Start of Source data

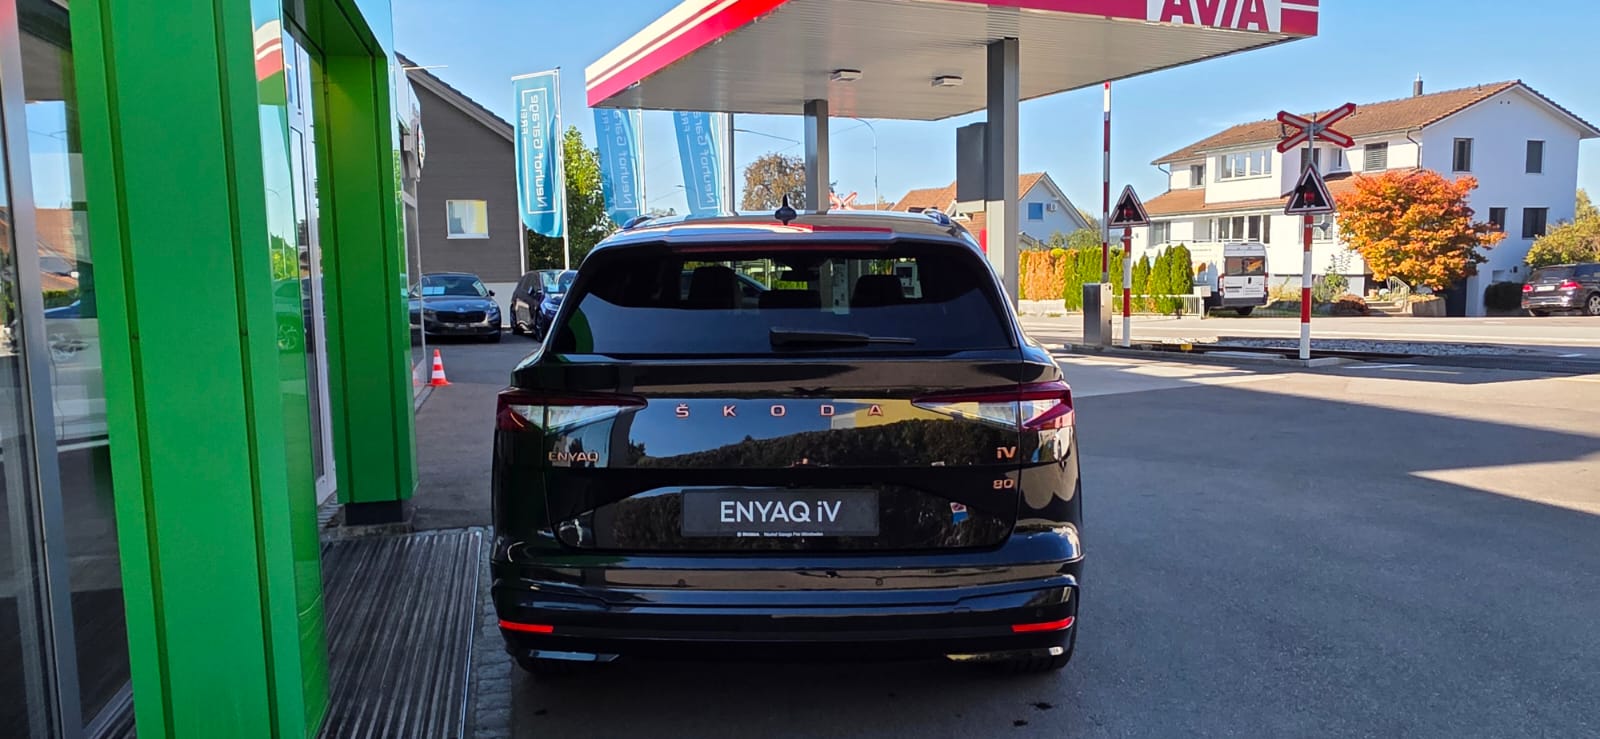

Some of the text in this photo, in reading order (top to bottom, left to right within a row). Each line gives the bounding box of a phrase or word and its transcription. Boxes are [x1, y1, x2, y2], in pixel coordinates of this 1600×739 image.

[1160, 0, 1270, 33] AVIA
[675, 403, 884, 418] ŠKODA
[548, 451, 600, 462] ENYAQ
[996, 446, 1017, 459] iV
[993, 478, 1015, 490] 80
[720, 500, 842, 523] ENYAQ iV
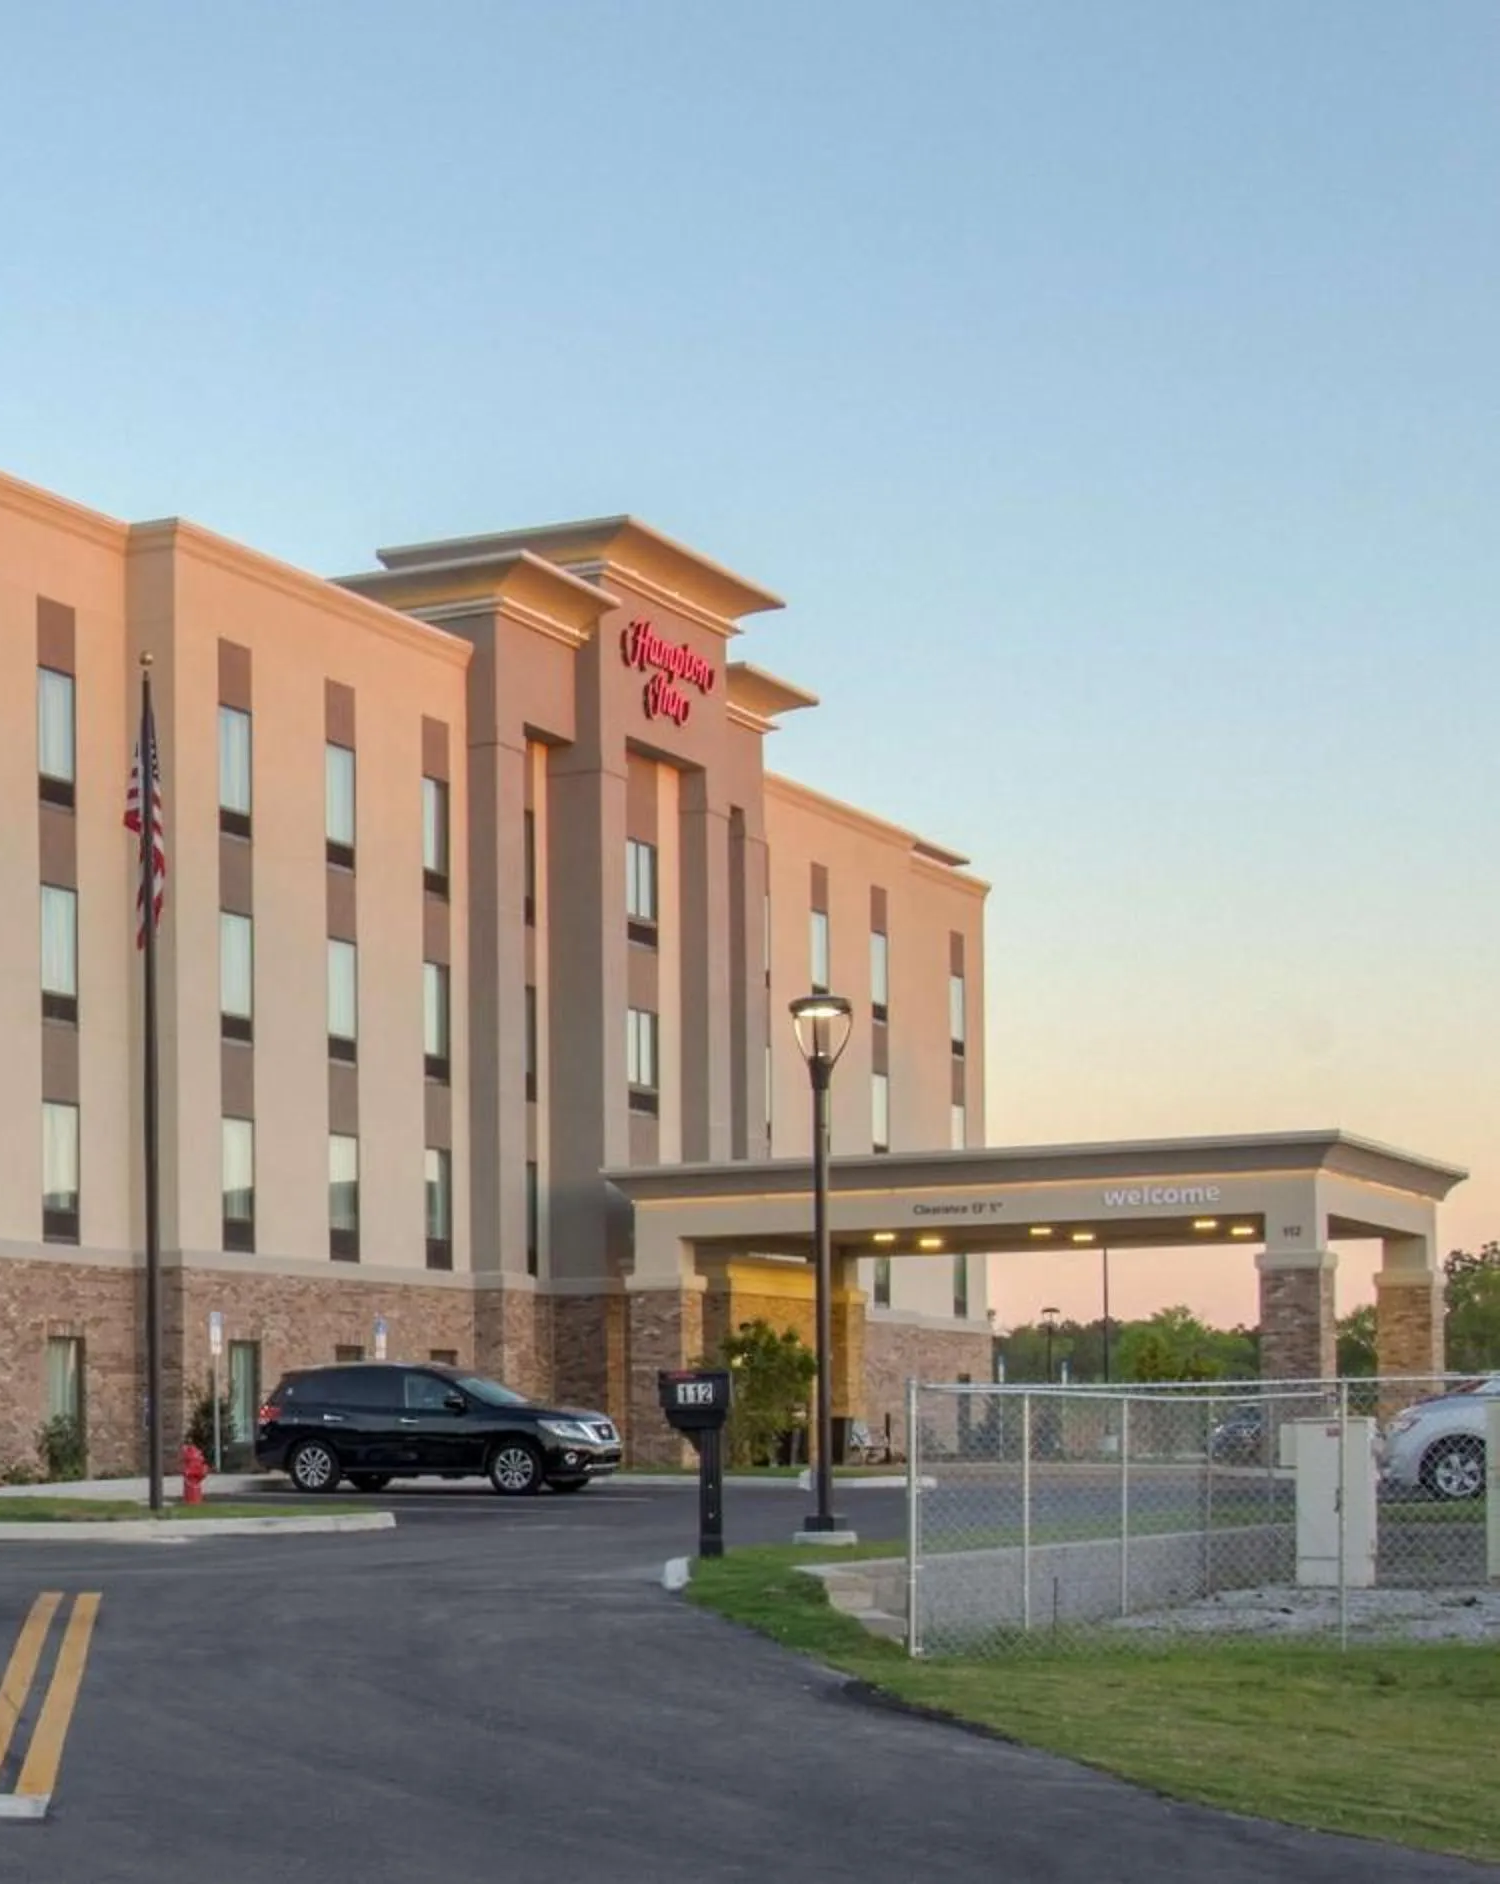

End of Source data

:: What this task involves ::
Would you please copy the listing exactly, omitting every picture?

:: Response box ::
Some of the text in this photo, in reading order (top to bottom, left to right within a row). Each line gives the bounding box of a phrase or word and its transcription. Boxes are [x1, y1, x2, y2], in pixel coordinates of this 1600×739 image.

[1160, 0, 1270, 33] AVIA
[675, 403, 884, 418] ŠKODA
[548, 451, 600, 462] ENYAQ
[996, 446, 1017, 459] iV
[993, 478, 1015, 490] 80
[720, 500, 842, 523] ENYAQ iV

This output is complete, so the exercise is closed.